Springer Online Journal Archives 1860-2000
Chemistry and Pharmacology
Summary In a 14-day multiple-dose study the pharmacokinetics of paroxetine was investigated in 12 patients with alcoholic cirrhosis and in 6 subjects without liver disease. The dose of 20–30 mg paroxetine daily was adjusted to the reduction in liver function, as assessed by the galactose elimination capacity. Accordingly, all but two of the cirrhotic patients received 20 mg, while all six control subjects received 30 mg.
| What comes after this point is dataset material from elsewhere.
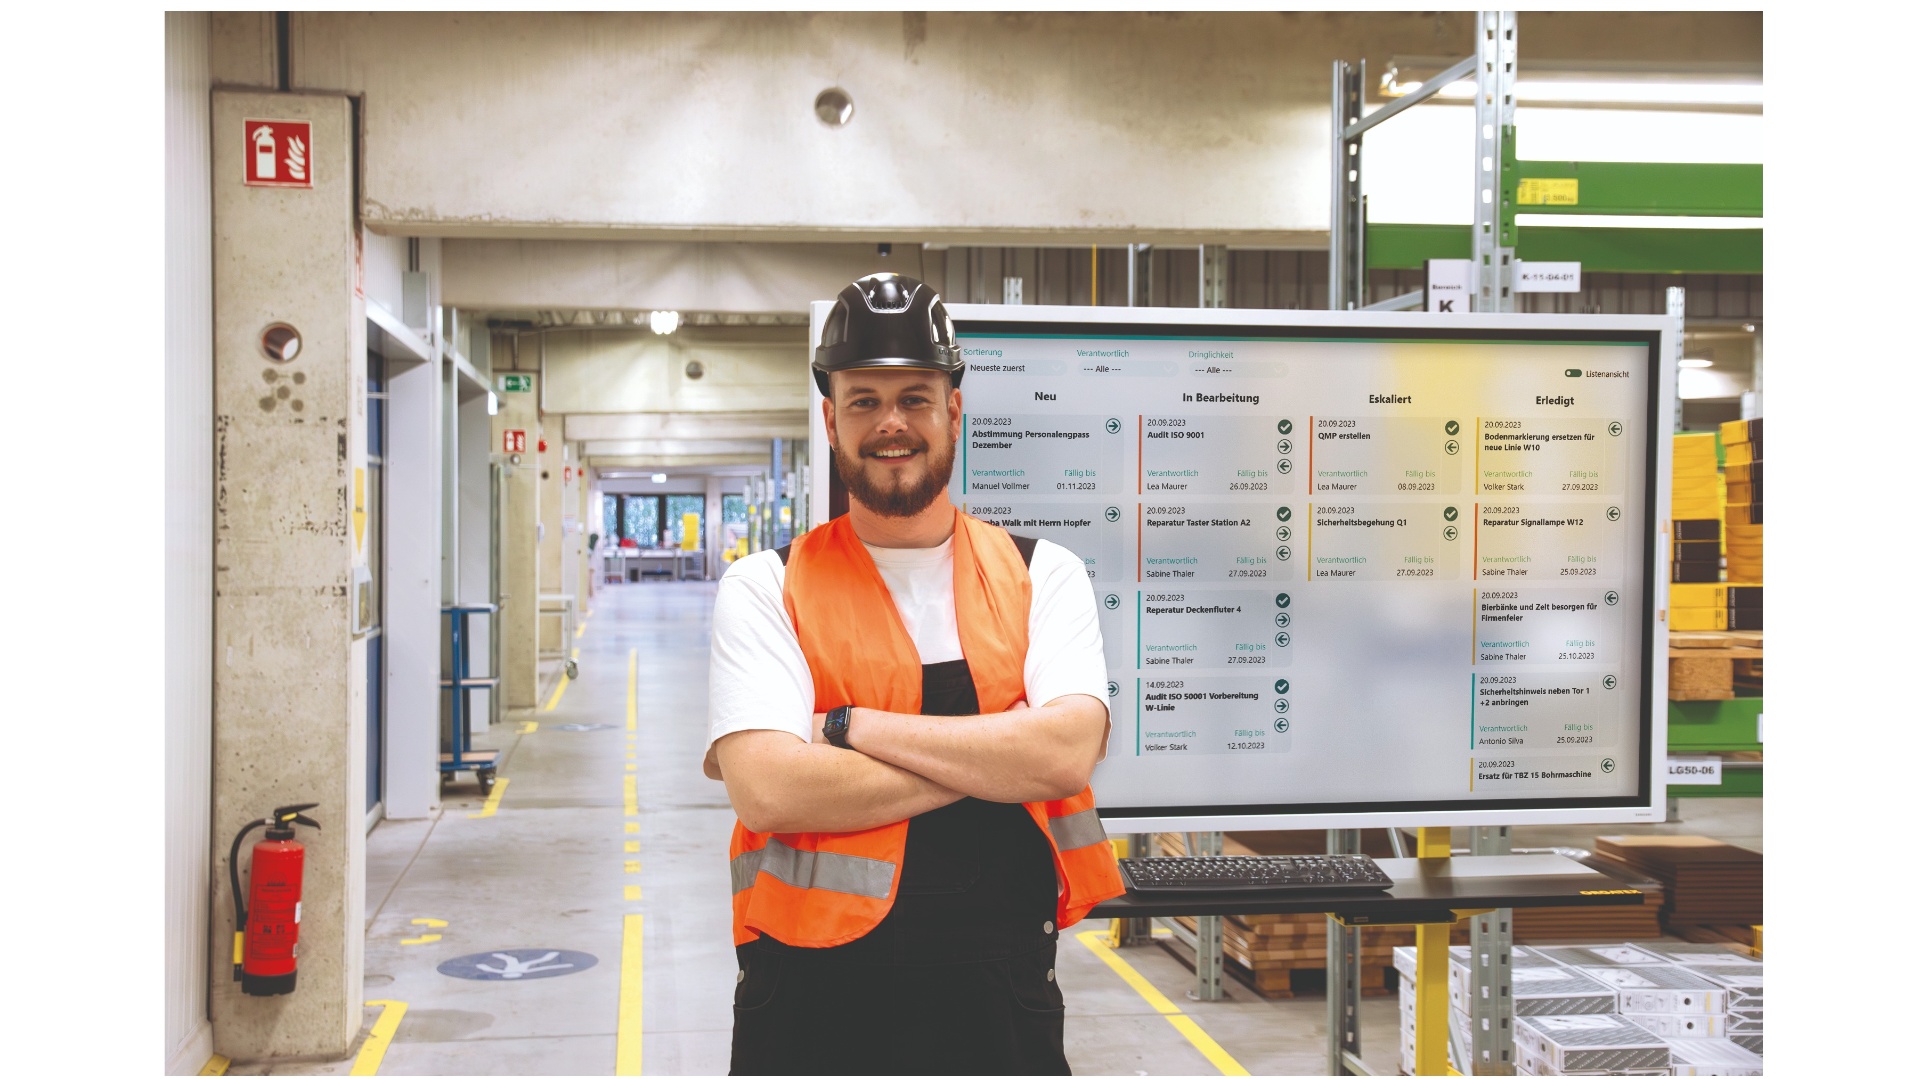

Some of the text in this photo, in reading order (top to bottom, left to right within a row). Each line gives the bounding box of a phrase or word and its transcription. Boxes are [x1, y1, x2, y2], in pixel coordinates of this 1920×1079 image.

Dose-corrected, trough drug concentration at steady state (CSS min) and dose-corrected AUC24h were significantly higher in the patients with liver diseases than in the control subjects [3.4 vs 1.5 ng · ml−1 per mg paroxetine and 89 vs 43 h (ng) · ml−1 per mg paroxetine]. The elimination t1/2 was prolonged [83 vs 36 h], but the difference was not statistically significant, and the cirrhotic patients were still able to clear almost all the paroxetine by metabolism. All but two patients with cirrhosis experienced nausea during the first two or three days after the first dose, while none of the controls had this symptom. The study showed slower elimination of paroxetine and consequently higher plasma levels in patients with cirrhosis, suggesting that in the latter the dose of paroxetine should be in the lower end of the therapeutic range.